Tupelo Truck Accident Attorneys Protecting the Rights of Victims Hurt in a Truck Accident in Tupelo, MS
It is estimated that over 500,000 crashes involving trucks happen each year in the United States. Unfortunately, a significant percentage of them result in fatalities. Victims of truck accidents often encounter a number of obstacles along the way when it comes to recovering compensation for their injuries. Here are a few essential aspects you need to know regarding truck accidents in Mississippi.
What Should I Do Immediately After a Truck Accident?
Like in any accident, your priority should be to check for injuries and get emergency medical help right away. You will also want to report the accident to law enforcement, and do not leave the scene of the accident before a police officer arrives (unless, of course, your injuries are serious and require immediate attention).
If it is safe to do so, collecting evidence from the crash site is a good idea as it may help you when it is time to build your claim. Take pictures and video of the scene of the accident, making sure to document the damage to all vehicles involved, the position of the vehicles, and any other relevant visual evidence such as skid marks on the road. If possible, write down the names and contact information of any witnesses, as well as information about the truck, such as the driver’s name and whether it is a privately-owned truck or a truck that belongs to a trucking company, as well as any insurance information. Be careful with what you say to the other driver or anyone at the scene of the accident, as even a simple apology could be understood as an admission of guilt. Finally, contact a truck accident attorney as soon as possible to discuss your case.
How Do I Know Who Is at Fault for My Truck Accident?
Truck accidents are complex because victims may often find themselves dealing with multiple at-fault parties and needing to file multiple claims. For example, distracted or fatigued drivers account for a large percentage of common truck accident causes. If the driver was not respecting company policies and traffic laws by driving distracted while using a mobile device, the investigation may point to the driver as responsible for the accident.
However, sometimes truck drivers may be pressured to drive for long hours without taking mandatory breaks because the trucking company is more focused on profits than safety, which often means drivers are behind the wheel for much longer than they should be and become fatigued or may fall asleep while driving. In this case, the trucking company may also share responsibility for the accident. Other accidents may have been caused in part by improperly secured cargo that shifted and caused the truck to crash. If the cargo was loaded by a third party such as a shipping or logistics company, that third party could also be partially at fault for the crash. The same applies to accidents caused by mechanical failures, which could be attributed to a manufacturing defect and result in a product liability claim or due to a third party who was negligent in properly repairing or maintaining the truck (such as a mechanic shop).
This is one of the reasons why it is so important to speak to a truck accident attorney as soon as possible. Your attorney will likely want to conduct his or her own thorough investigation to be able to point out who was responsible for your accident, and whether your case will require multiple claims in order to hold all responsible parties liable for your damages.
Is Mississippi a Pure Comparative Negligence State for Truck Accidents?
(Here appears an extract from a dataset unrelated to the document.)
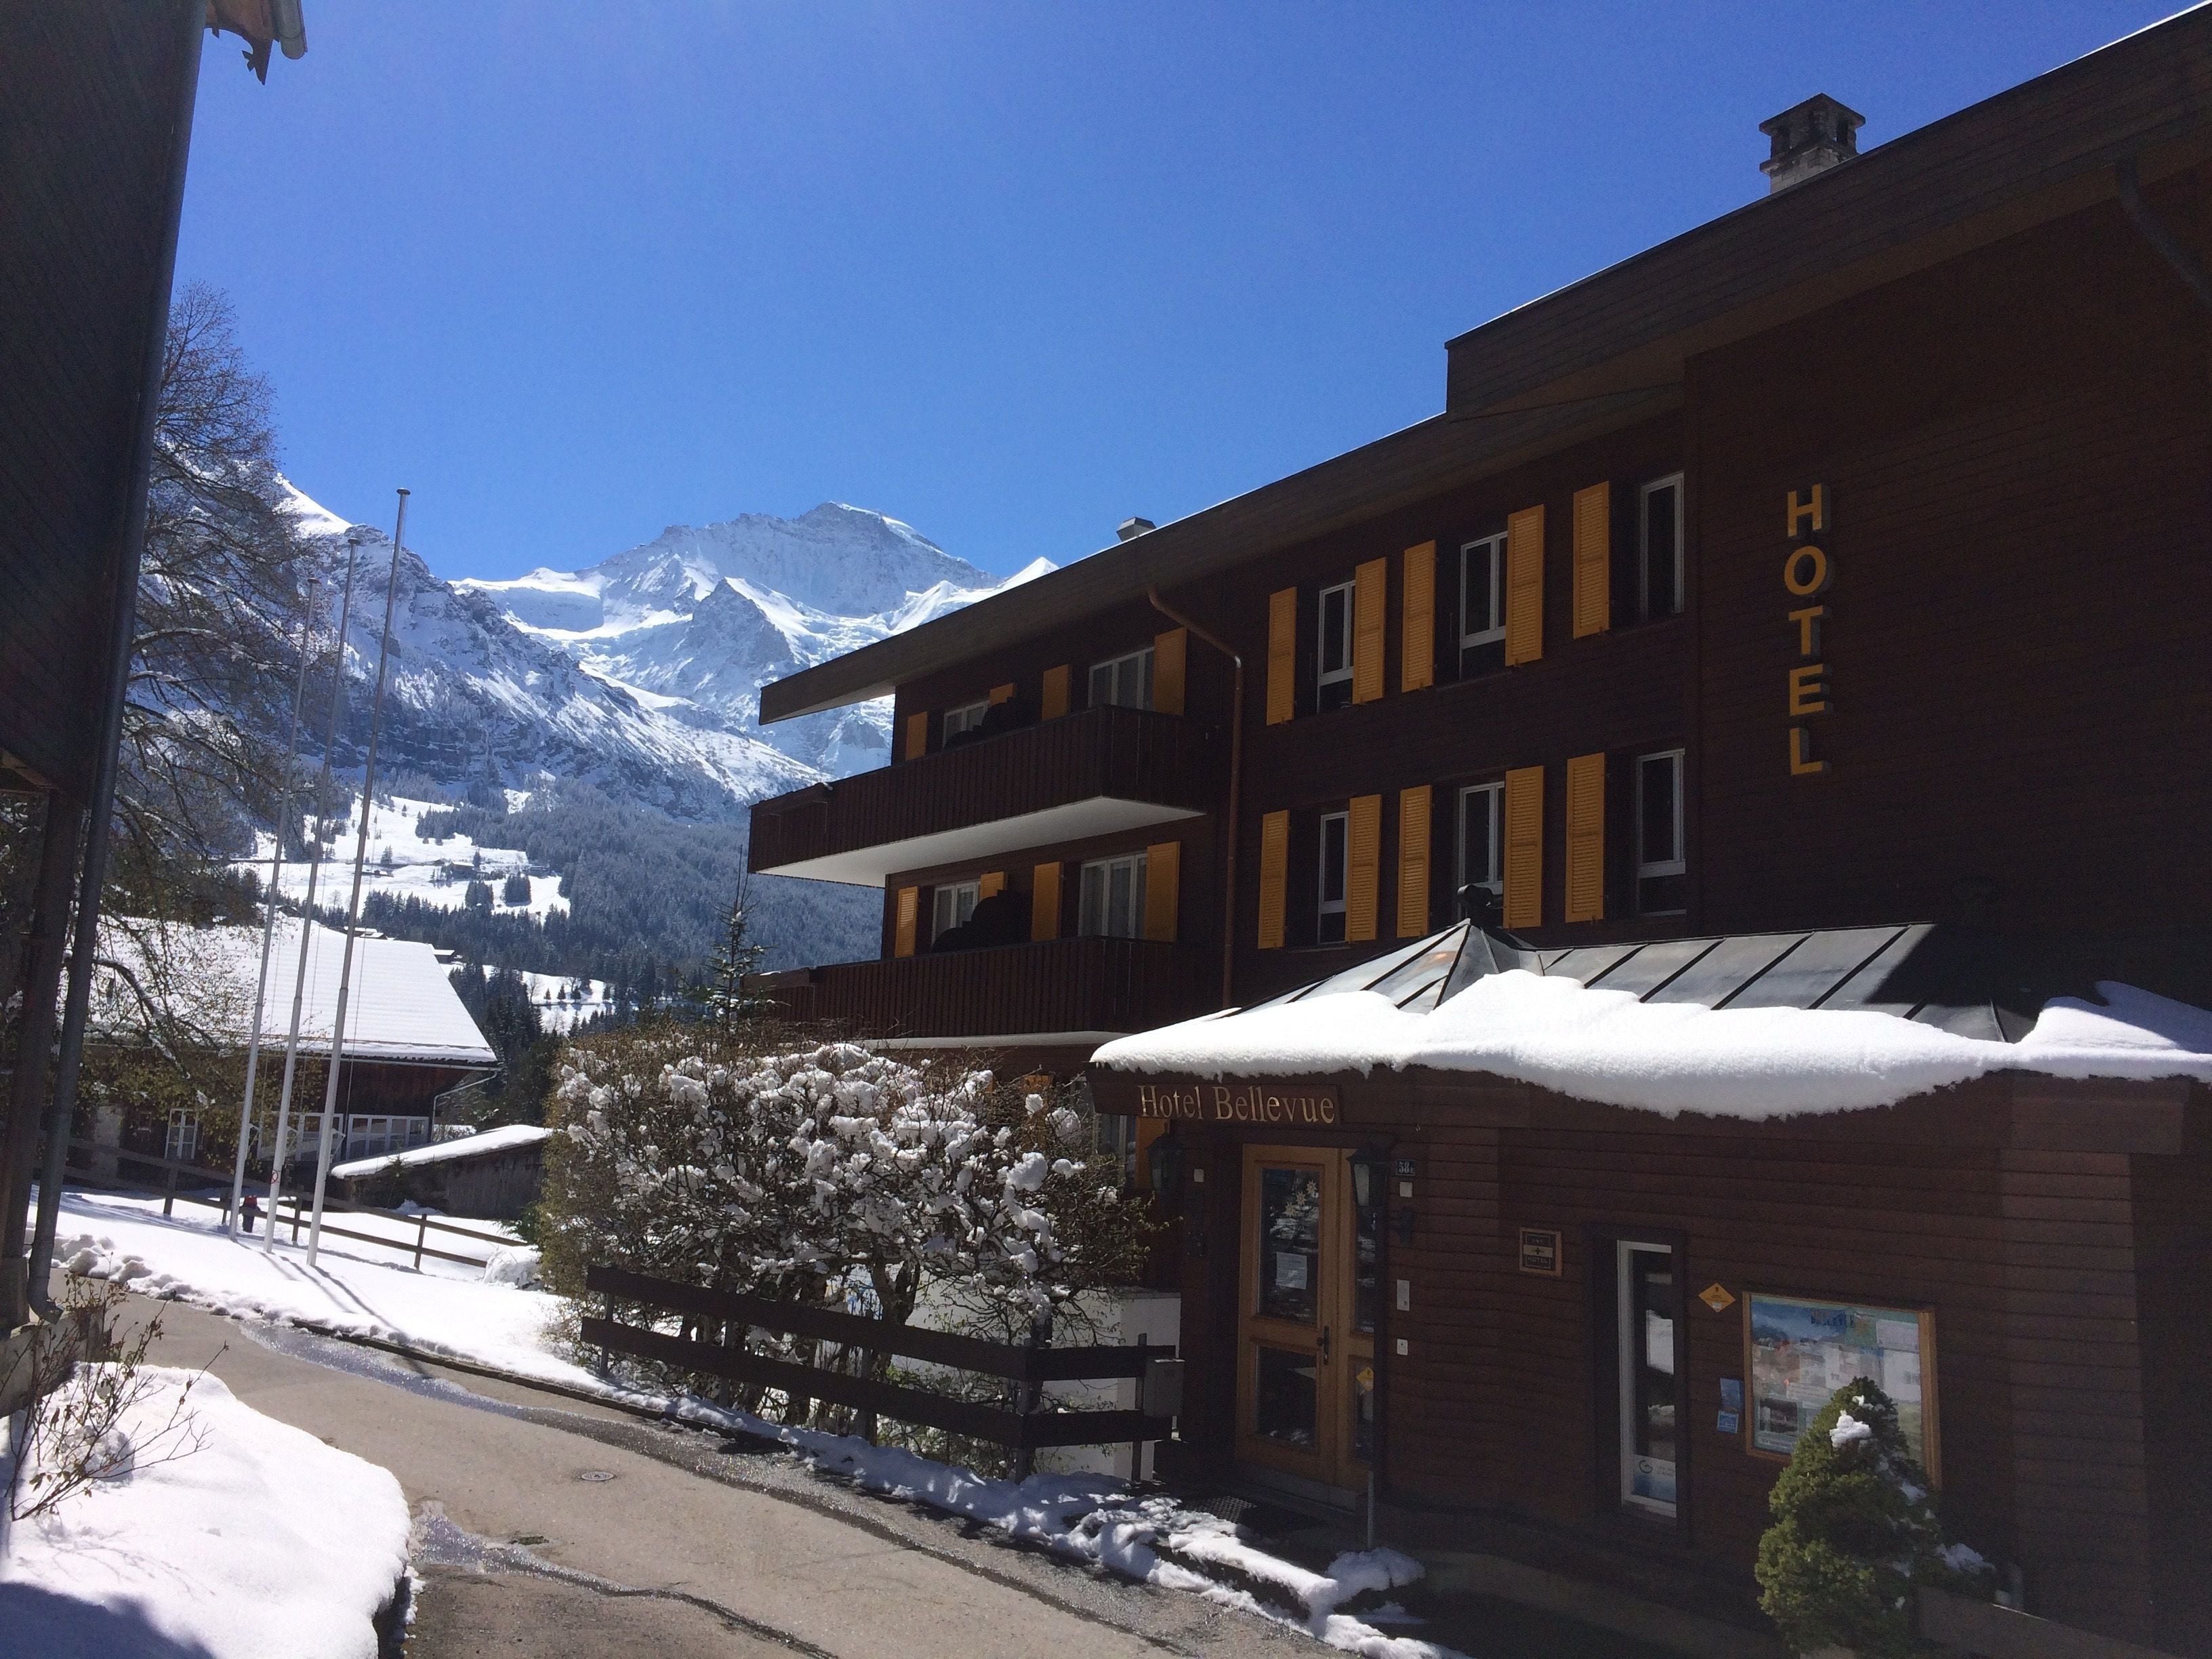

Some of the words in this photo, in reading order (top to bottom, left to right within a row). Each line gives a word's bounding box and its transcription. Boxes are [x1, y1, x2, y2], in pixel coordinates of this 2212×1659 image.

[1784, 483, 1828, 776] HOTEL
[1137, 1085, 1204, 1120] Hotel
[1212, 1085, 1336, 1124] Bellevue
Some accidents involving trucks may be partially caused by the victim’s actions, which may affect how much compensation that individual may receive. In other states, victims who were partially at fault for the accident may be barred from receiving compensation if they were 50% or 51% responsible for what happened, and in some states, even being 1% at fault may mean you are unable to receive any compensation.
Mississippi follows the pure comparative negligence rule to determine liability for an accident. This means victims are allowed to seek damages compensation regardless of their percentage of liability for the accident, but that percentage is usually subtracted from the total settlement amount they may be eligible to receive. For example, if you are found to have contributed to your accident by 20%, you will still receive compensation, but it will be reduced by 20%.
Do Trucks Have “Black Box” Devices That May Be Used as Evidence?
What many truck accident victims may not be aware of is that most commercial trucks are equipped with a “black box” much like the ones you may find on aircraft. These devices are usually called ECMs (Electronic Control Modules) or EDRs (Event Data Recorders). They can be essential pieces of evidence for your truck accident case because they keep track of how the truck was traveling in the moments before the accident.
These devices continually record information such as the truck’s speed, acceleration or deceleration, usage of brakes and cruise control, length of time the truck was being operated (including continuous operation without breaks), and other important information about how the truck was being operated. The black box can show, for example, that the truck was being driven for several hours and thus the driver did not take mandatory breaks. The driver was fatigued yet he was speeding and did not attempt to apply the brakes. All of these factors are important in helping establish the main causes of your truck accident. If you are working with a truck accident attorney, your attorney may take steps to obtain the black box data and use it as evidence for your case.